___ Exercise material

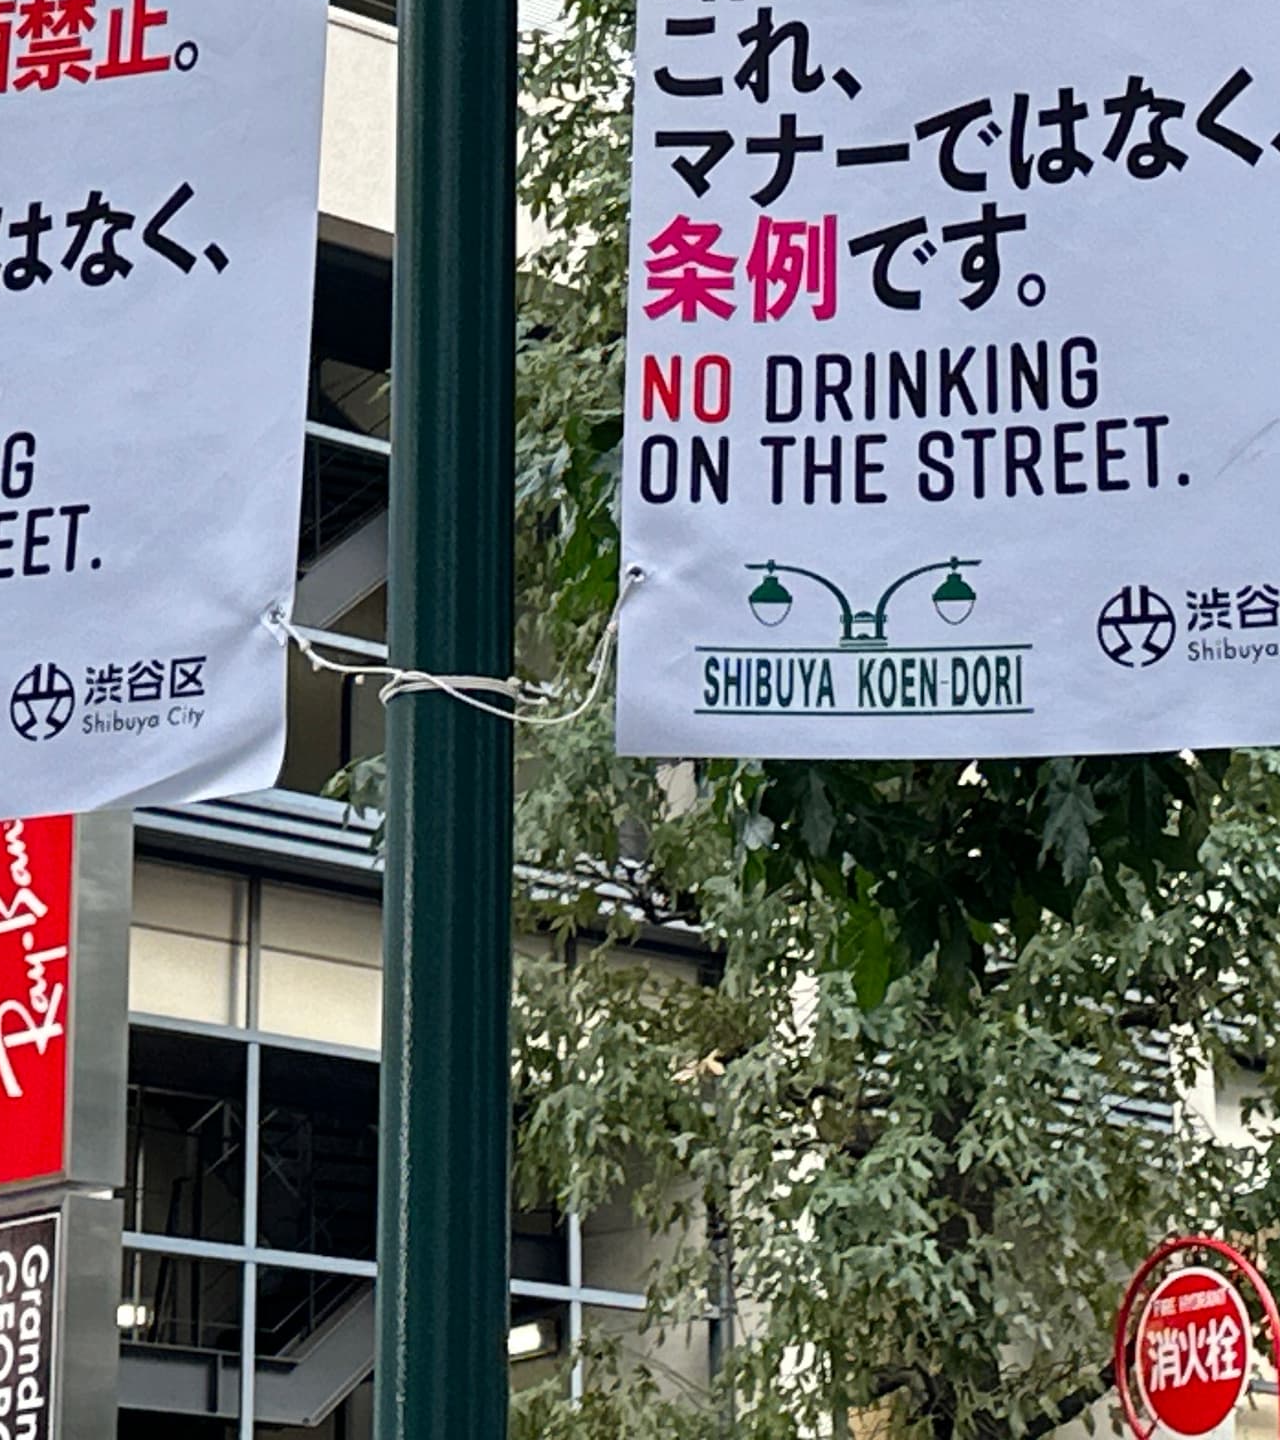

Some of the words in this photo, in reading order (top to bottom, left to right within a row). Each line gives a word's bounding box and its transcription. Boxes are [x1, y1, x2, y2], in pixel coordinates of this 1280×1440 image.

[653, 7, 863, 104] これ、
[643, 201, 1046, 323] 条例です。
[642, 354, 732, 423] NO
[765, 336, 1098, 423] DRINKING
[639, 433, 730, 505] ON
[761, 433, 888, 505] THE
[919, 415, 1191, 502] STREET.
[85, 656, 208, 707] 渋谷区
[703, 656, 836, 708] SHIBUYA
[1187, 637, 1280, 664] Shibuya
[82, 712, 160, 736] Shibuya
[167, 705, 206, 731] City
[1146, 1315, 1242, 1392] 消火栓
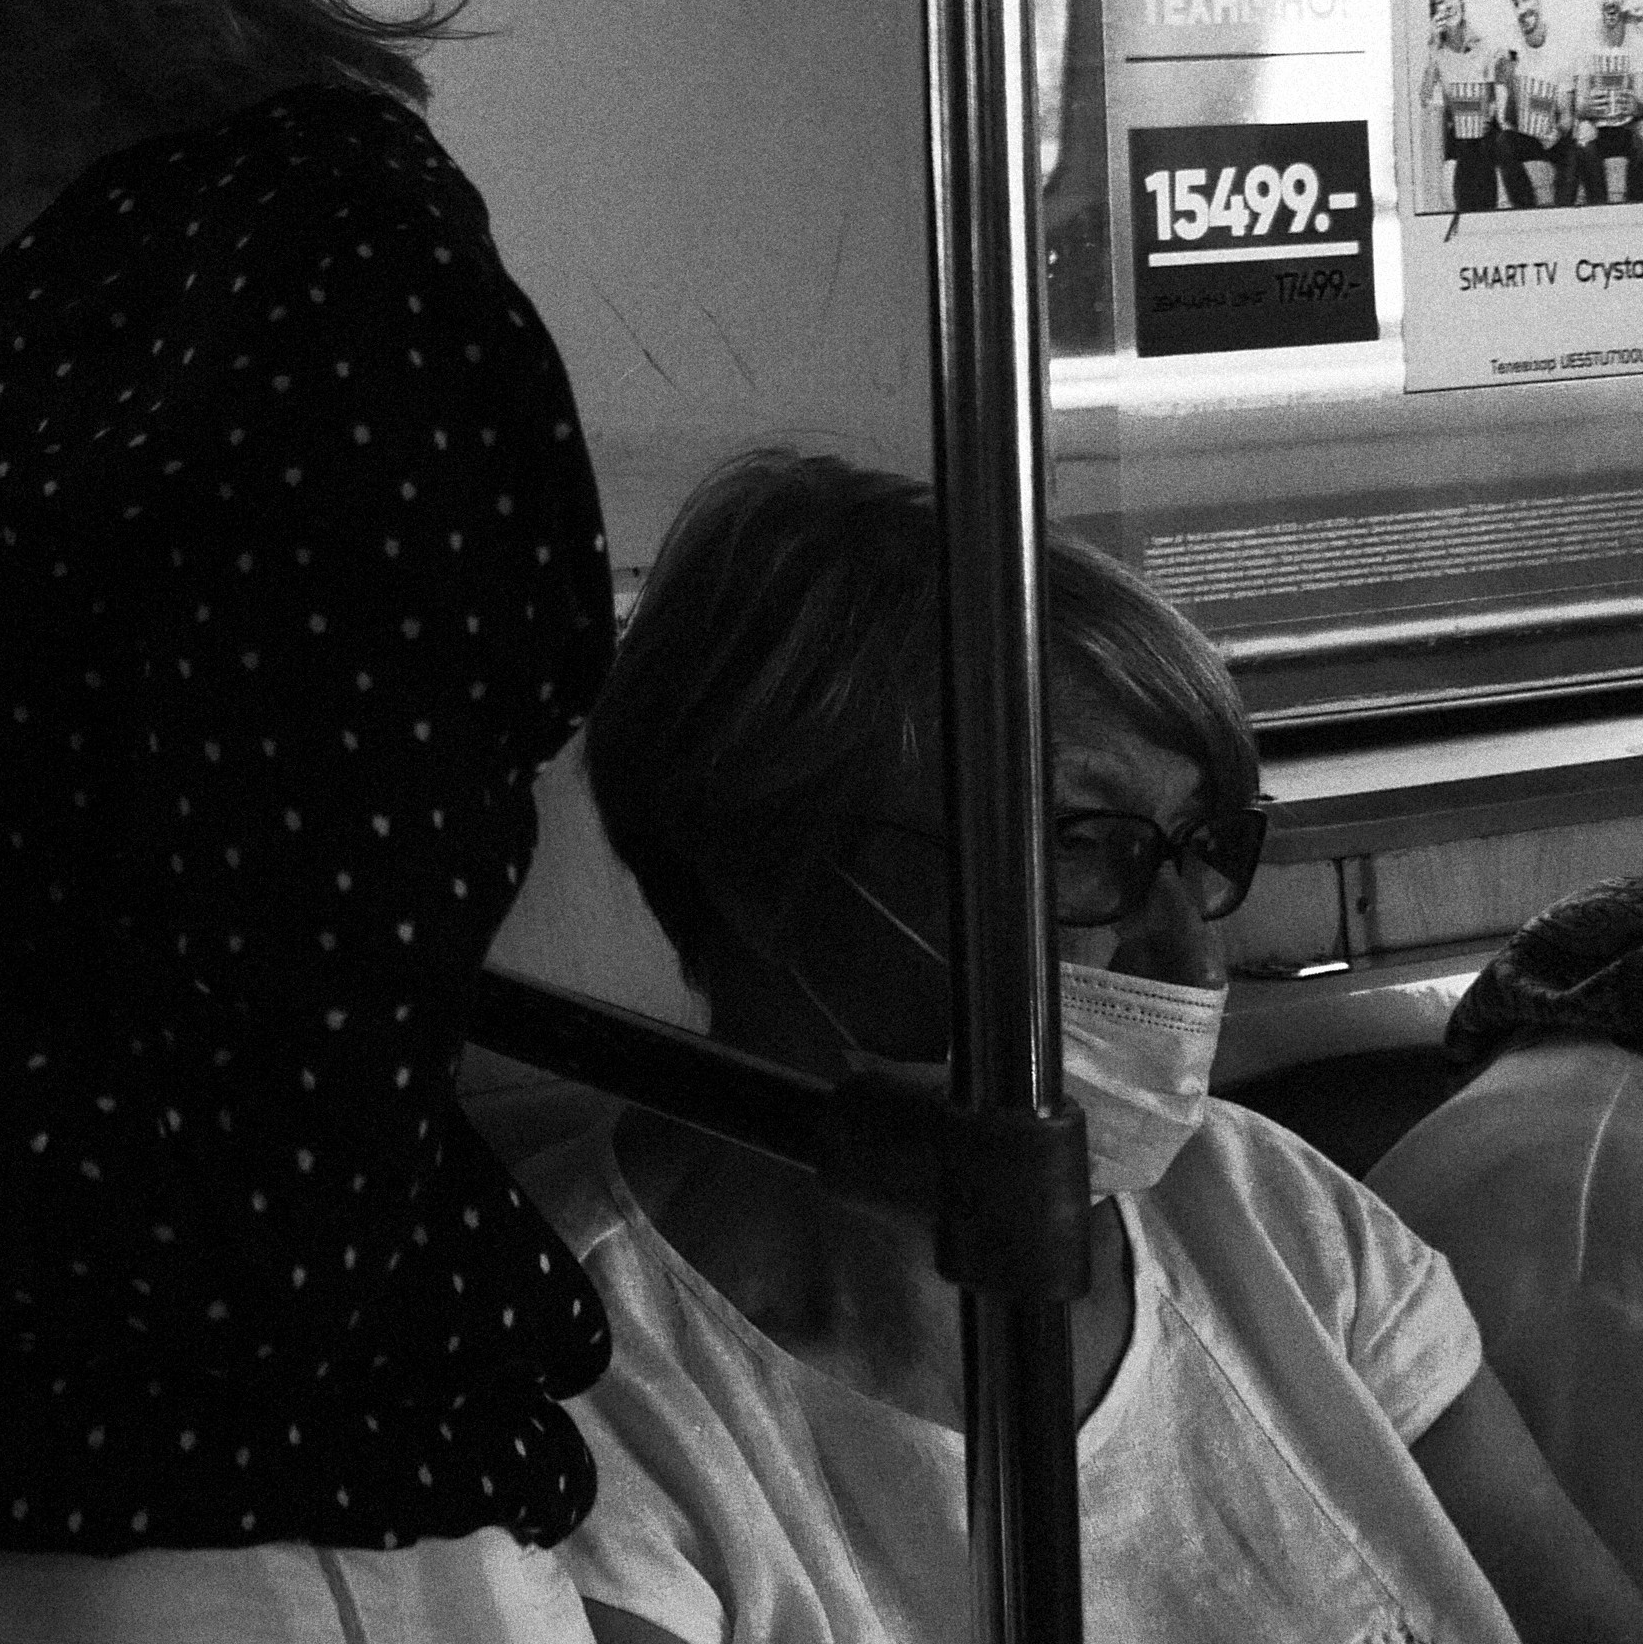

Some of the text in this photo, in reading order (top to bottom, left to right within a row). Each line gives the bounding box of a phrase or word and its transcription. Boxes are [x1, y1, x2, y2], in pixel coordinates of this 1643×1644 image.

[1144, 162, 1359, 241] 15499.-
[1458, 263, 1529, 291] SMART
[1532, 261, 1558, 285] TV
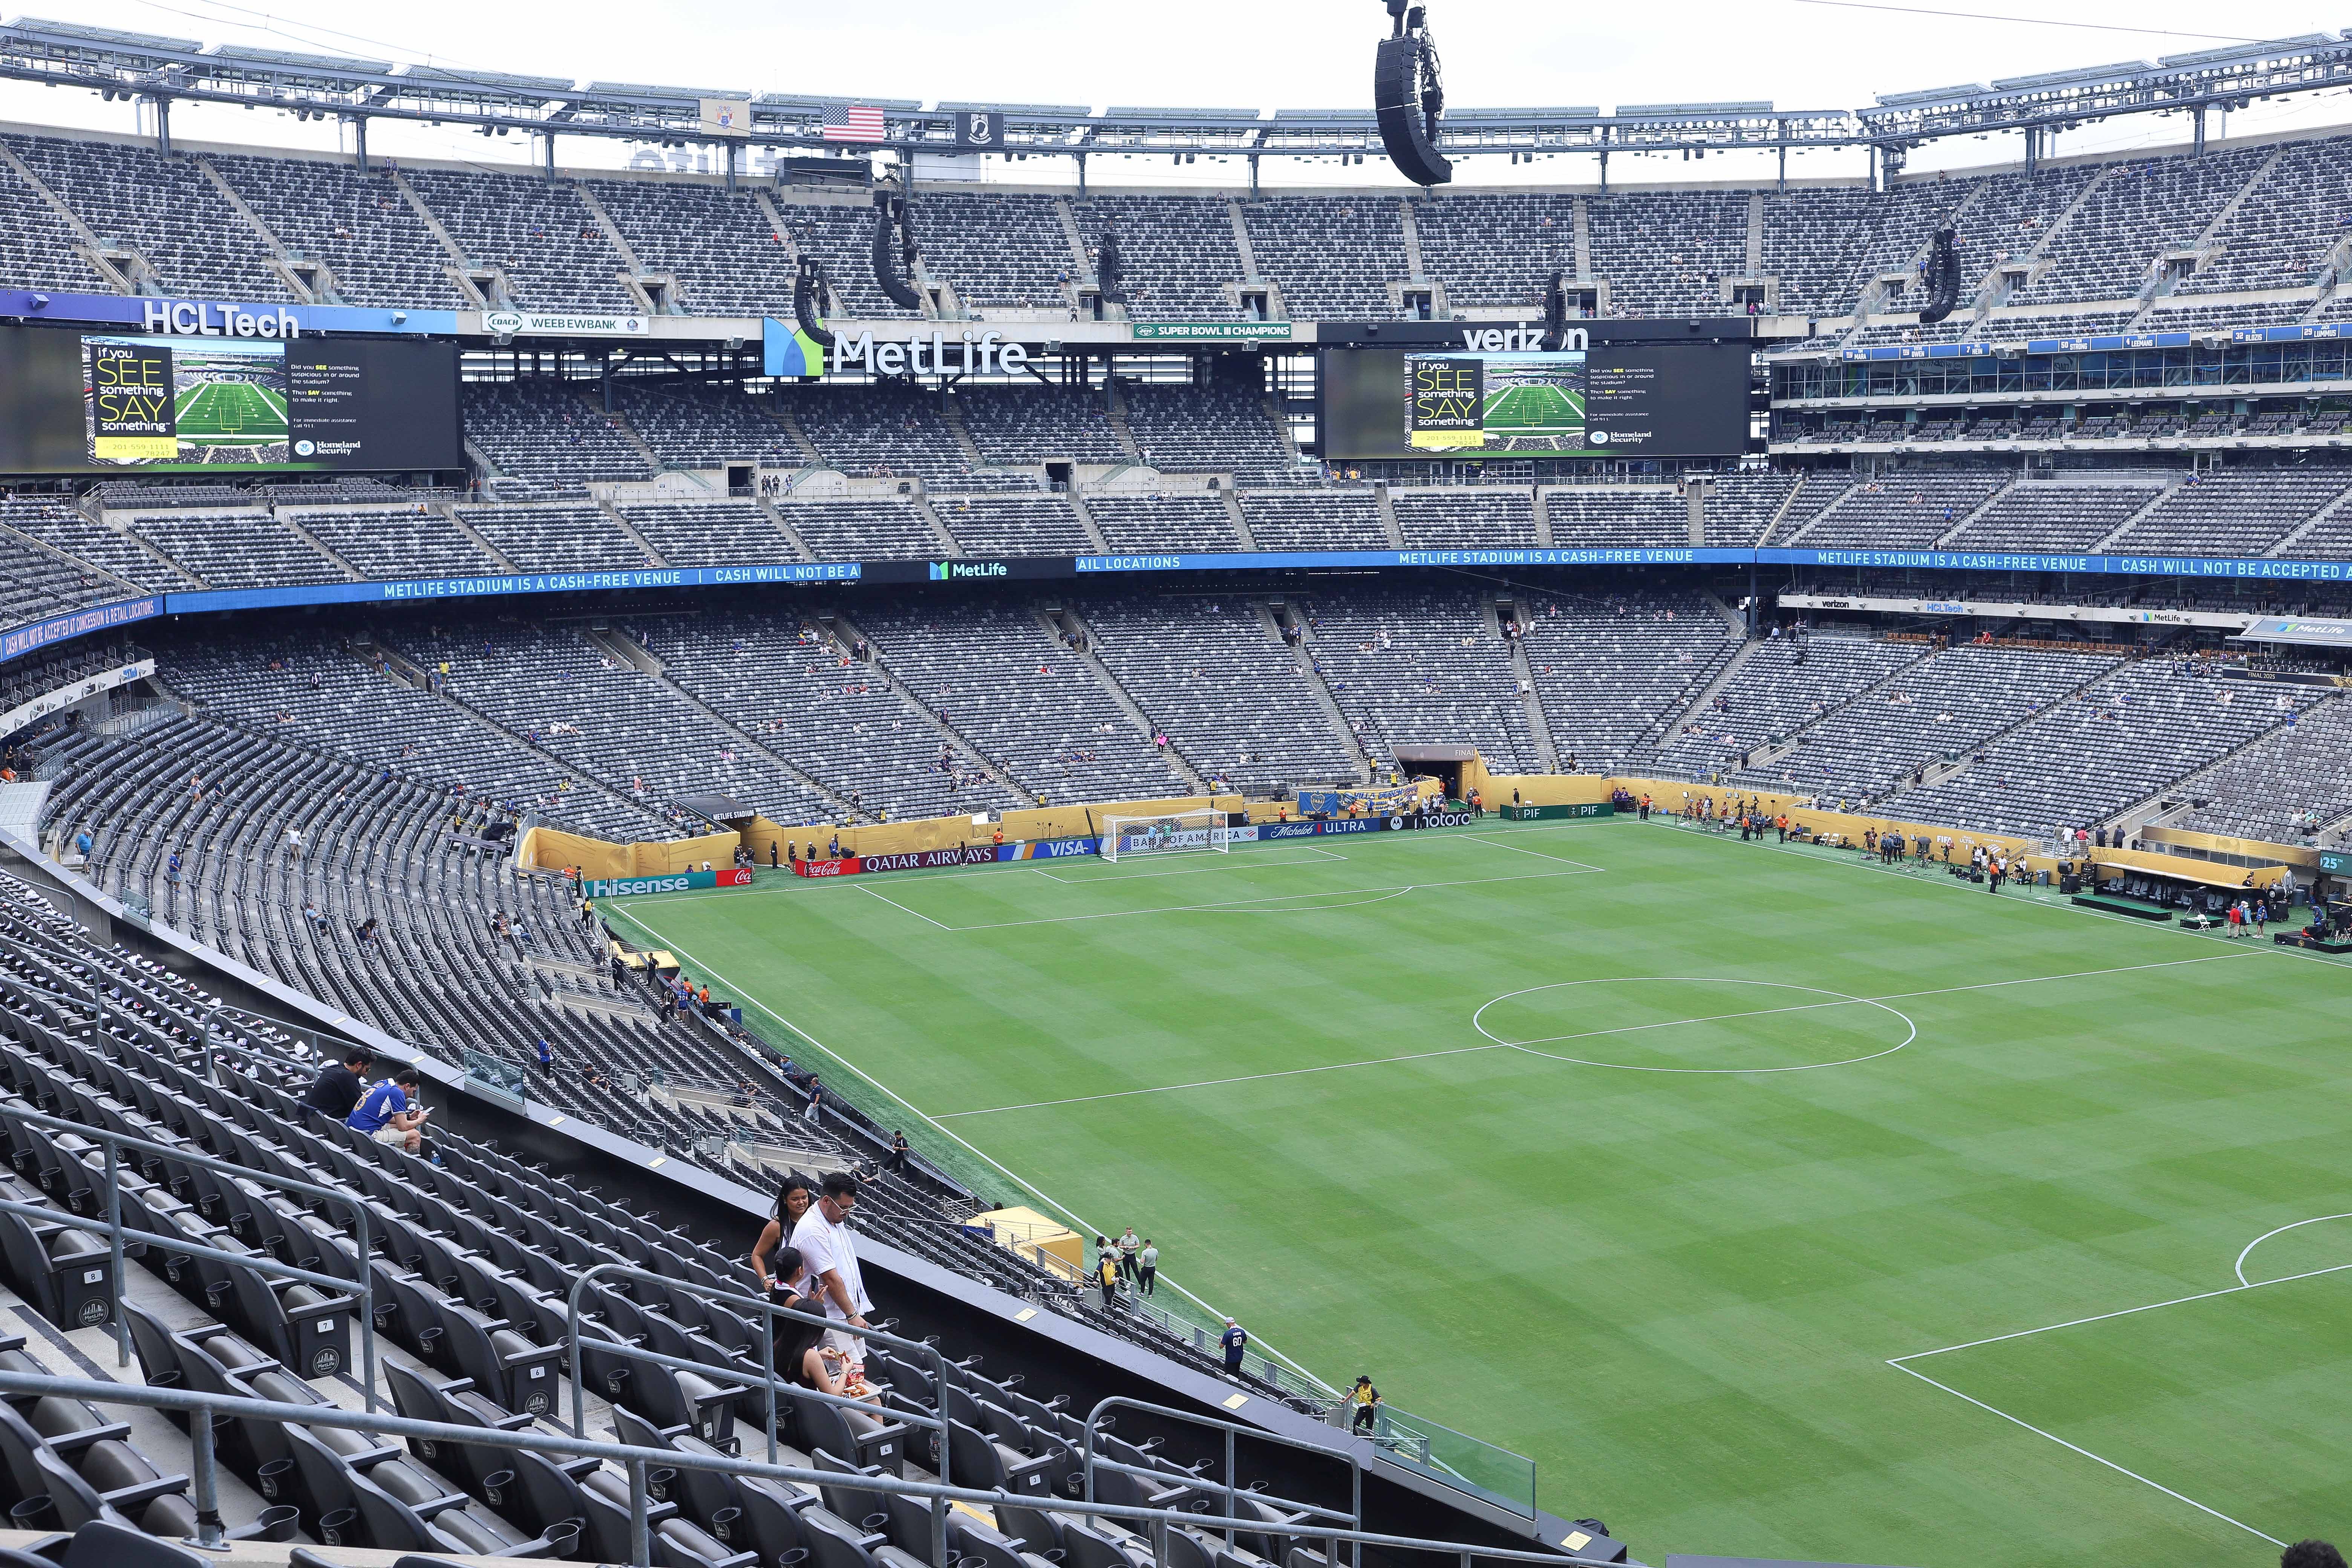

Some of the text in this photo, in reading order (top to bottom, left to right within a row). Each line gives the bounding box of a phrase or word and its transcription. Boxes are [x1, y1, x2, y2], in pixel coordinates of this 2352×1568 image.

[144, 301, 299, 338] HCLTech
[531, 318, 617, 329] WEEB EWBANK
[1158, 326, 1289, 335] SUPER BOWL III CHAMPIONS
[1462, 322, 1588, 351] verizn
[2131, 339, 2153, 347] LEEMANS
[98, 348, 133, 359] if you
[833, 330, 1027, 375] MetLife
[97, 358, 164, 386] SEE
[1417, 370, 1474, 390] SEE
[100, 386, 164, 397] something
[1418, 390, 1475, 399] something
[99, 395, 167, 422] SAY
[1417, 398, 1477, 419] SAY
[1106, 556, 1180, 569] LOCATIONS
[1399, 550, 1694, 564] METLIFE STADIUM IS A CASH-FREE VENUE
[1818, 552, 2086, 570] METLIFE STADIUM IS A CASH-FREE VENUE
[715, 565, 845, 582] CASH WILL NOT BE
[952, 562, 1007, 577] MetLife
[2121, 559, 2340, 578] CASH WILL NOT BE ACCEPTED
[384, 571, 681, 597] METLIFE STADIUM IS A CASH-FREE VENUE
[1822, 600, 1849, 608] verizon
[1927, 603, 1963, 613] HCLTech
[2154, 614, 2180, 622] MetLife
[6, 634, 17, 655] CASH
[17, 632, 29, 652] WILL
[37, 629, 43, 643] BE
[44, 620, 69, 640] ACCEPTED
[70, 618, 75, 634] AT
[76, 612, 104, 632] CONCESSION
[106, 609, 109, 624] &
[110, 606, 128, 623] RETAIL
[129, 600, 154, 617] LOCATIONS
[2295, 625, 2345, 634] MetLife
[713, 809, 754, 821] METLIFE STADIUM
[1524, 808, 1540, 818] PIF
[1581, 805, 1598, 815] PIF
[1271, 821, 1366, 838] Michelob ULTRA
[1937, 835, 1952, 844] FIFA
[1046, 840, 1084, 856] VISA
[867, 848, 992, 871] QATAR AIRWAYS
[593, 877, 689, 897] Hisense
[1233, 1337, 1242, 1346] 60

______

#### Your instructions
Take the data above and set it down exactly, images excluded.

#### Answer space
Some of the words in this photo, in reading order (top to bottom, left to right within a row). Each line gives a word's bounding box and its transcription. Boxes are [x1, y1, x2, y2], in pixel coordinates of this 1280×1440 image.

[653, 7, 863, 104] これ、
[643, 201, 1046, 323] 条例です。
[642, 354, 732, 423] NO
[765, 336, 1098, 423] DRINKING
[639, 433, 730, 505] ON
[761, 433, 888, 505] THE
[919, 415, 1191, 502] STREET.
[85, 656, 208, 707] 渋谷区
[703, 656, 836, 708] SHIBUYA
[1187, 637, 1280, 664] Shibuya
[82, 712, 160, 736] Shibuya
[167, 705, 206, 731] City
[1146, 1315, 1242, 1392] 消火栓

Some of the text in this photo, in reading order (top to bottom, left to right within a row). Each line gives the bounding box of a phrase or word and its transcription. Boxes are [x1, y1, x2, y2], in pixel coordinates of this 1643×1644 image.

[1144, 162, 1359, 241] 15499.-
[1458, 263, 1529, 291] SMART
[1532, 261, 1558, 285] TV

Some of the text in this photo, in reading order (top to bottom, left to right within a row). Each line gives the bounding box of a phrase or word and its transcription. Boxes are [x1, y1, x2, y2], in pixel coordinates of this 2352×1568 image.

[144, 301, 299, 338] HCLTech
[531, 318, 617, 329] WEEB EWBANK
[1158, 326, 1289, 335] SUPER BOWL III CHAMPIONS
[1462, 322, 1588, 351] verizn
[2131, 339, 2153, 347] LEEMANS
[98, 348, 133, 359] if you
[833, 330, 1027, 375] MetLife
[97, 358, 164, 386] SEE
[1417, 370, 1474, 390] SEE
[100, 386, 164, 397] something
[1418, 390, 1475, 399] something
[99, 395, 167, 422] SAY
[1417, 398, 1477, 419] SAY
[1106, 556, 1180, 569] LOCATIONS
[1399, 550, 1694, 564] METLIFE STADIUM IS A CASH-FREE VENUE
[1818, 552, 2086, 570] METLIFE STADIUM IS A CASH-FREE VENUE
[715, 565, 845, 582] CASH WILL NOT BE
[952, 562, 1007, 577] MetLife
[2121, 559, 2340, 578] CASH WILL NOT BE ACCEPTED
[384, 571, 681, 597] METLIFE STADIUM IS A CASH-FREE VENUE
[1822, 600, 1849, 608] verizon
[1927, 603, 1963, 613] HCLTech
[2154, 614, 2180, 622] MetLife
[6, 634, 17, 655] CASH
[17, 632, 29, 652] WILL
[37, 629, 43, 643] BE
[44, 620, 69, 640] ACCEPTED
[70, 618, 75, 634] AT
[76, 612, 104, 632] CONCESSION
[106, 609, 109, 624] &
[110, 606, 128, 623] RETAIL
[129, 600, 154, 617] LOCATIONS
[2295, 625, 2345, 634] MetLife
[713, 809, 754, 821] METLIFE STADIUM
[1524, 808, 1540, 818] PIF
[1581, 805, 1598, 815] PIF
[1271, 821, 1366, 838] Michelob ULTRA
[1937, 835, 1952, 844] FIFA
[1046, 840, 1084, 856] VISA
[867, 848, 992, 871] QATAR AIRWAYS
[593, 877, 689, 897] Hisense
[1233, 1337, 1242, 1346] 60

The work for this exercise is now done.